BOOTP/DHCP client for klibc
---------------------------

Usage:

ipconfig [-c proto] [-d interface] [-n] [-p port] [-t timeout] [interface ...]

-c proto	Use PROTO as the configuration protocol for all
		interfaces, unless overridden by specific interfaces.
-d interface	Either the name of an interface, or a long spec.
-n		Do nothing - just print the configuration that would
		be performed.
-p port		Send bootp/dhcp broadcasts from PORT, to PORT - 1.
-t timeout	Give up on all unconfigured interfaces after TIMEOUT secs.

You can configure multiple interfaces by passing multiple interface
specs on the command line, or by using the special interface name
"all".  If you're autoconfiguring any interfaces, ipconfig will wait
until either all such interfaces have been configured, or the timeout
passes.

PROTO can be one of the following, which selects the autoconfiguration
protocol to use:

not specified	use all protocols (the default)
dhcp		use bootp and dhcp
bootp		use bootp only
rarp		use rarp (not currently supported)
none		no autoconfiguration - either static config, or none at all

An interface spec can be either short form, which is just the name of
an interface (eth0 or whatever), or long form.  The long form consists
of up to six elements, separated by colons:

addr:server:gateway:netmask:interface:proto

addr		the local IP address
server		the server's IP address (doubles as DNS server)
gateway		default gateway
netmask		netmask
interface	name of the interface (empty string is synonym for "all")
proto		the autoconfig protocol to use, as outlined above

IP addresses and netmasks must be either absent (defaulting to zero)
or presented in dotted-quad notation.

An interface spec can be prefixed with either "ip=", "nfsaddrs=", both
of which are ignored.  These (along with the ugliness of the long
form) are present for compatibility with the in-kernel ipconfig code
from 2.4 and earlier kernels.

Here are a few examples of valid ipconfig command lines.
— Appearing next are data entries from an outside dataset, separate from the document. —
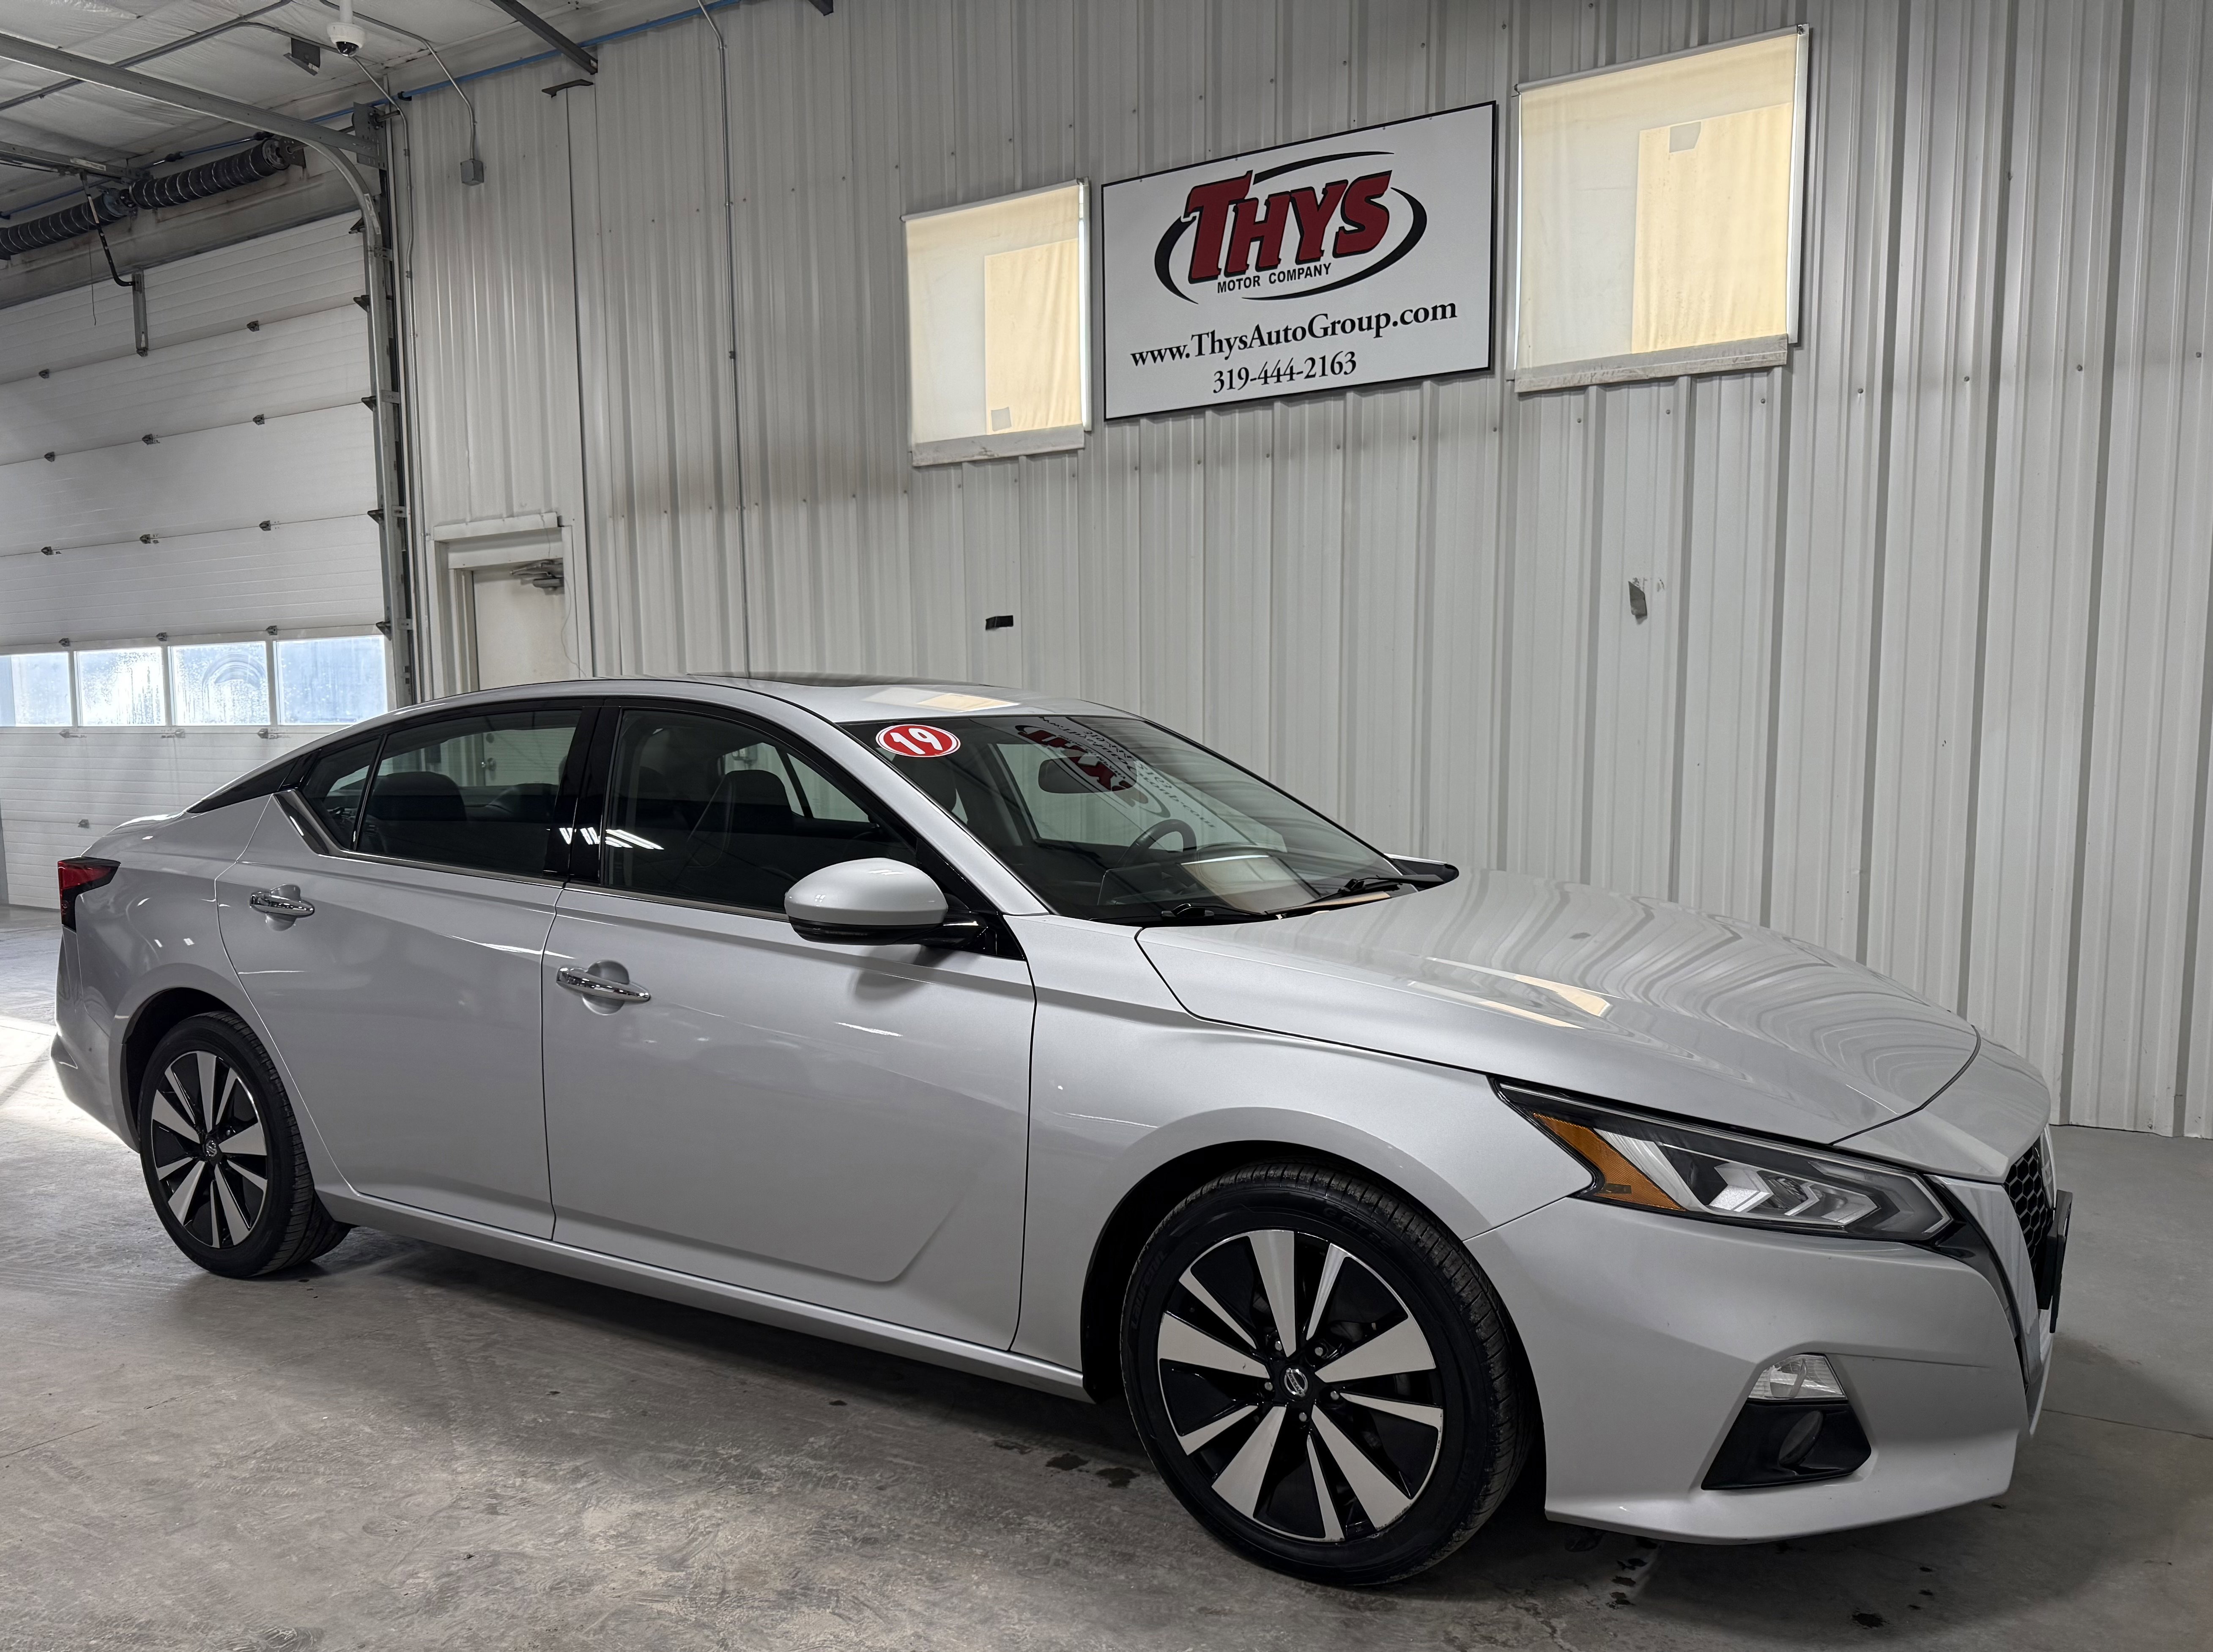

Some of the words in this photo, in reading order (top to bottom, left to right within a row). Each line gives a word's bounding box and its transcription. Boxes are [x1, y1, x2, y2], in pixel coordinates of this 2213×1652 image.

[1183, 170, 1392, 284] THYS
[1217, 275, 1261, 293] MOTOR
[1268, 263, 1332, 285] COMPANY
[1131, 302, 1457, 367] www.ThysAutoGroup.com
[1213, 351, 1357, 394] 319-444-2163
[890, 728, 943, 755] 19
Enable the loopback interface:
    ipconfig 127.0.0.1::::lo:none

Try to configure eth0 using bootp for up to 30 seconds:
    ipconfig -t 30 -c bootp eth0

Configure eth0 and eth1 using dhcp or bootp, and eth2 statically:
    ipconfig -c any eth0 eth1 192.168.1.1::::eth2:none

--

From Russell's original README, and still true:

The code in main.c is yucky imho.  Needs cleaning.